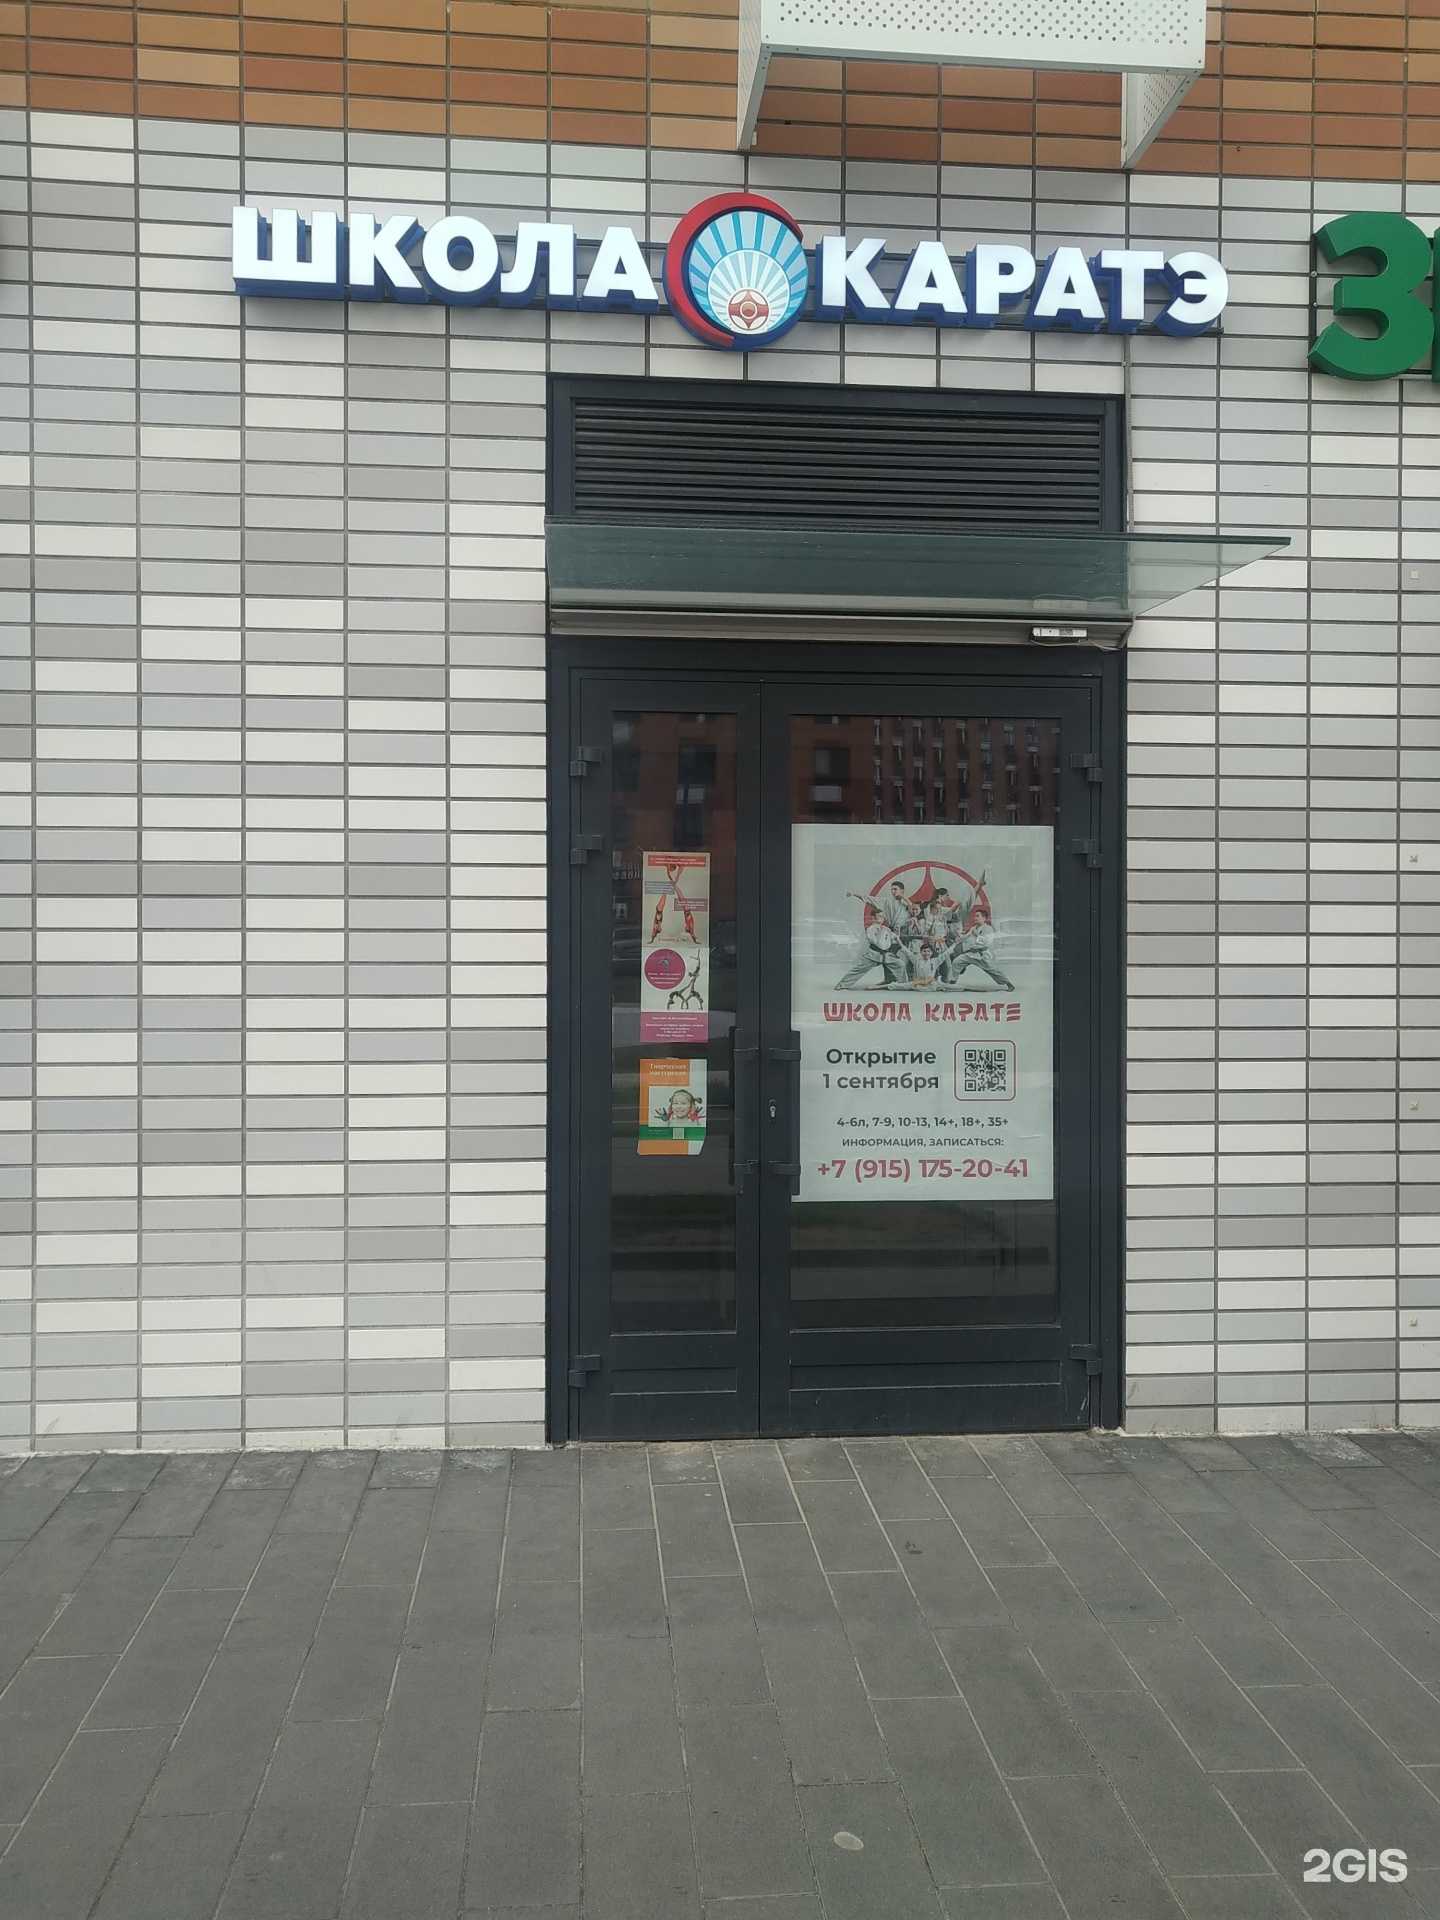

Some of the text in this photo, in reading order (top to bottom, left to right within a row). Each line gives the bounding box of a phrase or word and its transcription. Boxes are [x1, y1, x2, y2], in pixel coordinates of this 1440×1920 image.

[232, 206, 1230, 328] ШКОЛА КАРАТЭ
[823, 1002, 912, 1022] ШКОЛА
[826, 1048, 937, 1068] Открытие
[823, 1072, 939, 1092] 1 сентября
[837, 1116, 1009, 1128] 4-6л, 7-9, 10-13, 14+, 18+, 35+
[842, 1138, 1004, 1147] ИНФОРМАЦИЯ, ЗАПИСАТЬСЯ:
[818, 1159, 1028, 1182] +7 (915) 175-20-41

== REQUIRED ACTION ==
Restate the entries verbatim and exclude any pictures.

== SOLUTION FOR THIS EXERCISE ==
Some of the text in this photo, in reading order (top to bottom, left to right within a row). Each line gives the bounding box of a phrase or word and its transcription. Boxes are [x1, y1, x2, y2], in pixel coordinates of this 1440×1920 image.

[232, 206, 1230, 328] ШКОЛА КАРАТЭ
[823, 1002, 912, 1022] ШКОЛА
[826, 1048, 937, 1068] Открытие
[823, 1072, 939, 1092] 1 сентября
[837, 1116, 1009, 1128] 4-6л, 7-9, 10-13, 14+, 18+, 35+
[842, 1138, 1004, 1147] ИНФОРМАЦИЯ, ЗАПИСАТЬСЯ:
[818, 1159, 1028, 1182] +7 (915) 175-20-41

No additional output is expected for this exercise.